# bcm5709 on HP DL360 G7 and kernel 3.7.10 problem [solved]

## vaxbrat

I just slapped a clone from my existing work desktop on an HP DL360 G7 today but am having problems getting the four Broadcom NIC's to show up.  lspci shows them as:

```
Broadcom Corporation NetXtreme II BCM5709 Gigabit Ethernet (rev 20)
```

The 20121221 livedvd gets them to work (kernel 3.6.8), but the latest kernel I happen to have brought into the area is 3.7.10 and they don't show up.  I also happen to have a 3.3.8 and a 3.5.7 sitting in /usr/src on this install so will probably drop back when I get back in the area tmrw.  Haven't spent too much time on this since I had to beat the onboard ATI ES1000 chipset into submission after it was giving me black displays (desktop was Nvidia based).Last edited by vaxbrat on Thu May 16, 2013 3:38 am; edited 1 time in total

----------

## vaxbrat

It turns out there was some missing firmware in the /lib/firmware/bnx2 directory.  I'm guessing this stuff piled up in there from whatever kernels you have built and installed while pulling in the netextreme II.  I had a bnx2-mips-09-6.2.1a.fw but it was apparently also needing a bnx2-mips-09-6.2.1b.fw.  I ended up getting it from the 20121221 livedvd.

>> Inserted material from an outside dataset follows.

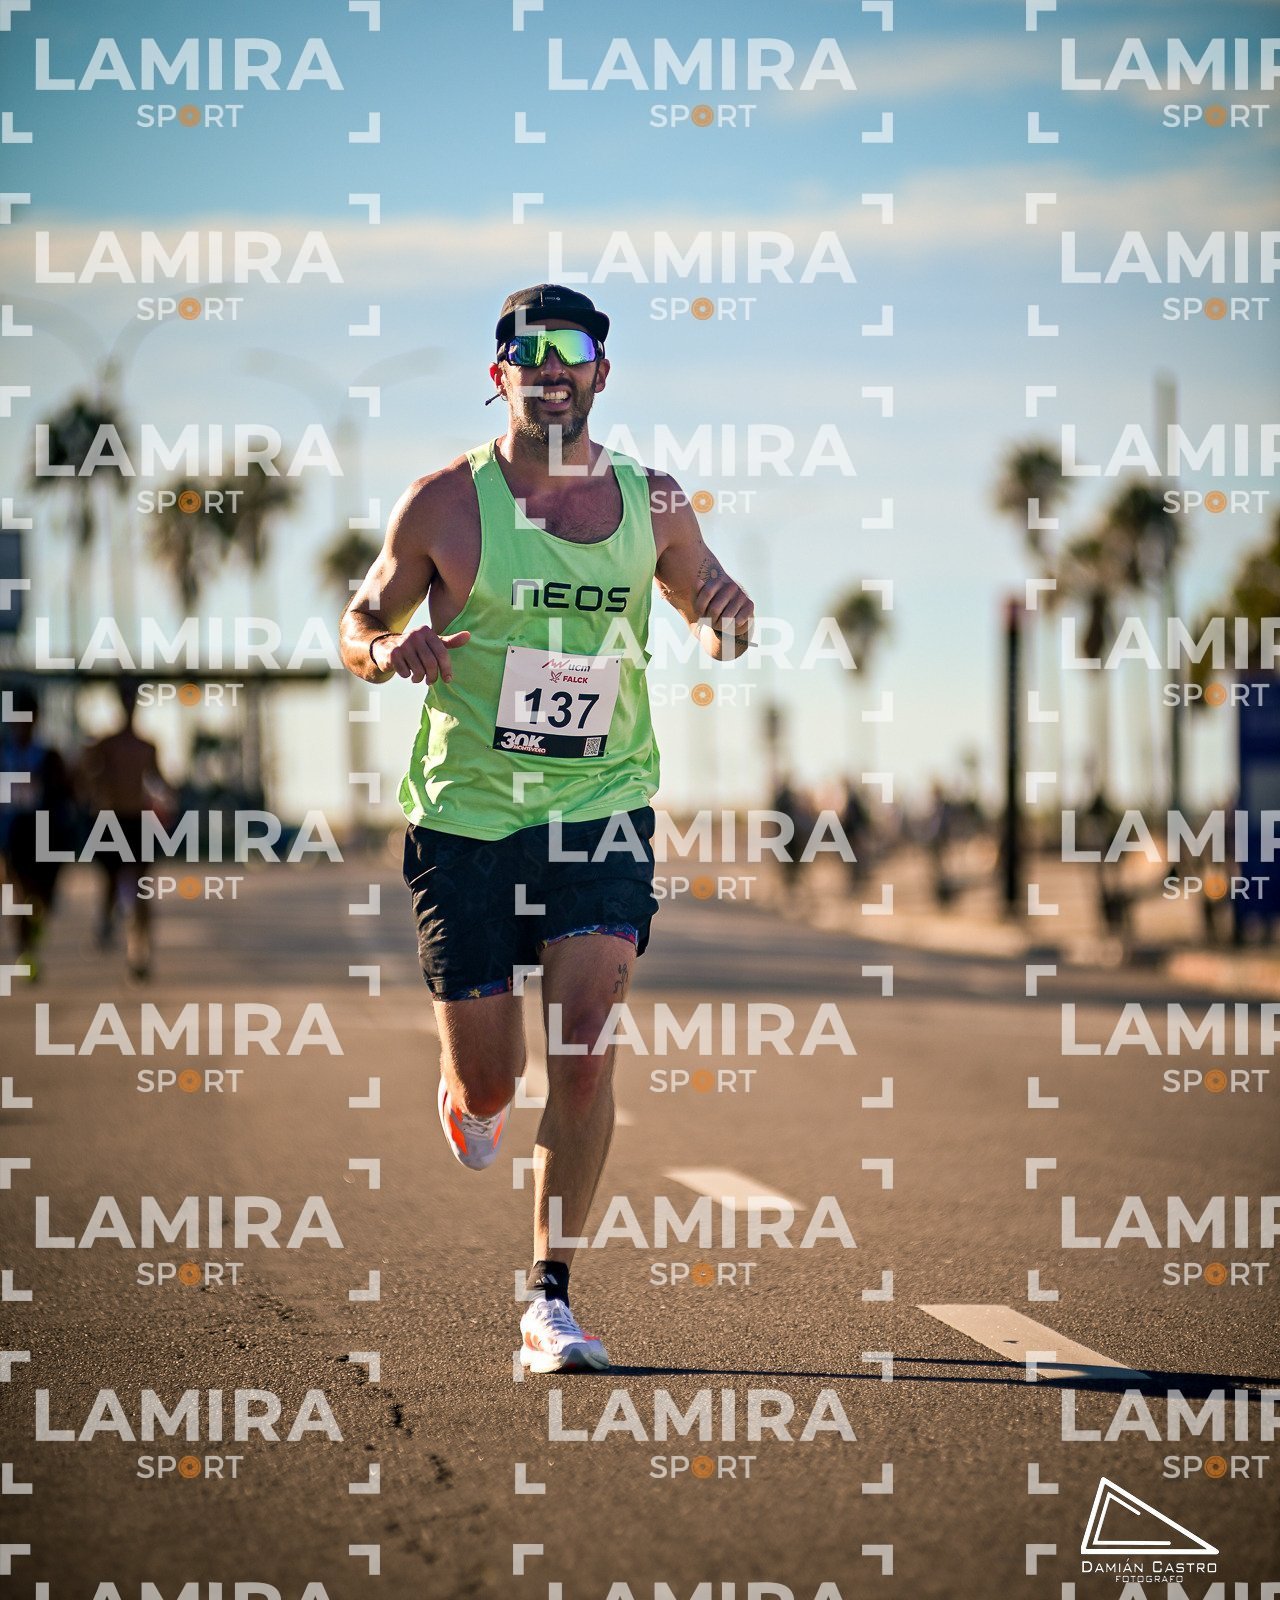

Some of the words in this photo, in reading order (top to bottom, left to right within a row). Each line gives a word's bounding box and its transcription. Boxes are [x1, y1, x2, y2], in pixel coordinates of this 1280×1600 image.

Now would this be upstream kernel.org problem or something for gentoo-sources?

----------

## kurly

 *vaxbrat wrote:*   

> It turns out there was some missing firmware in the /lib/firmware/bnx2 directory.  I'm guessing this stuff piled up in there from whatever kernels you have built and installed while pulling in the netextreme II.  I had a bnx2-mips-09-6.2.1a.fw but it was apparently also needing a bnx2-mips-09-6.2.1b.fw.  I ended up getting it from the 20121221 livedvd.
> 
> Now would this be upstream kernel.org problem or something for gentoo-sources?

 

Does stable sys-kernel/linux-firmware not include that file?  I'm on ~amd64 and I can say that bnx2-mips-09-6.2.1b.fw is present in sys-kernel/linux-firmware-20130421.

Also I feel obligated to alert you to the fact that 3.7.10 has a security issue that necessitates you to upgrade your kernel.  Consider using 3.8.13 which is now stabilized on amd64 and x86 (unless you are not using those arches, then I guess you should wait patiently!   :Smile:  )

----------